Pressure-Induced Vascular Activation of Nuclear Factor-κB

Abstract

The effects of mechanical factors on nuclear factor (NF)-κB activation and its potential functional roles have been very little explored in the intact vessel. Thus, we chose to study the regulation of NF-κB by intraluminal pressure using an organ culture model of mouse carotid arteries maintained at 80 or 150 mm Hg during 24 hours. Gel shift analysis revealed an increase in the DNA-binding capacity of NF-κB in vessels at high pressure compared with vessels at normal pressure (304±49%; P <0.001). This coincided with reduced levels of the endogenous NF-κB inhibitor IκBα in arteries at 150 mm Hg (52±7%; P <0.001), as detected by Western blot.
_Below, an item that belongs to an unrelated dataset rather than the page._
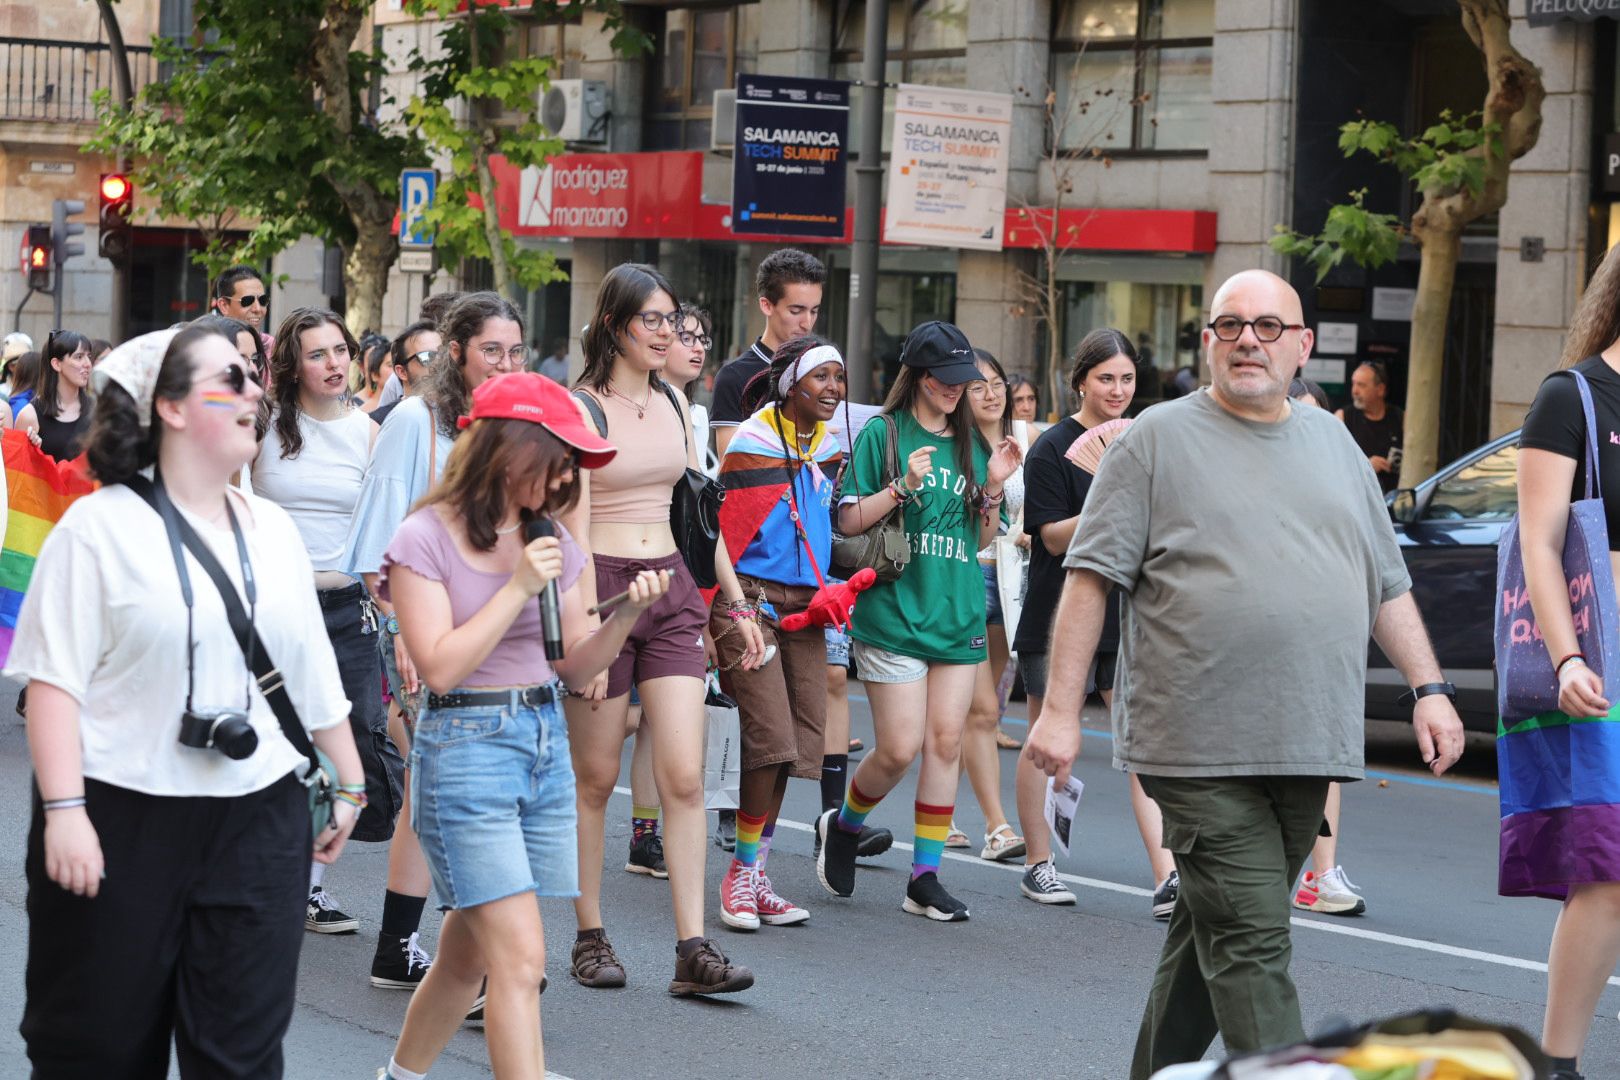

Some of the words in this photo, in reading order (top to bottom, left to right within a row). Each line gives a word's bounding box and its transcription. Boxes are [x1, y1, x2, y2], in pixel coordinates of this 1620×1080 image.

To study the functional role of the pressure-induced activation of NF-κB, we evaluated the rate of apoptosis (TUNEL method) in carotid arteries cultured with or without an inhibitor peptide blocking nuclear translocation of NF-κB. No apoptosis was detected in control arteries either at 80 or 150 mm Hg. However, in the presence of the NF-κB inhibitor peptide, we observed apoptosis in vessels at 80 mm Hg (5±1%; P <0.001 versus untreated controls), which was markedly increased in vessels at 150 mm Hg (14±2%; P <0.001). These results were corroborated by immunohistochemical analysis showing positive staining for cleaved caspase 3 in vessels at 80 mm Hg treated with the NF-κB inhibitor peptide, which was additionally enhanced in treated vessels at 150 mm Hg. Our findings demonstrate that high intraluminal pressure activates NF-κB in arteries. Moreover, the activation of NF-κB seems to play a key role in preventing apoptosis in vascular cells, especially when vessels are exposed to high intraluminal pressure.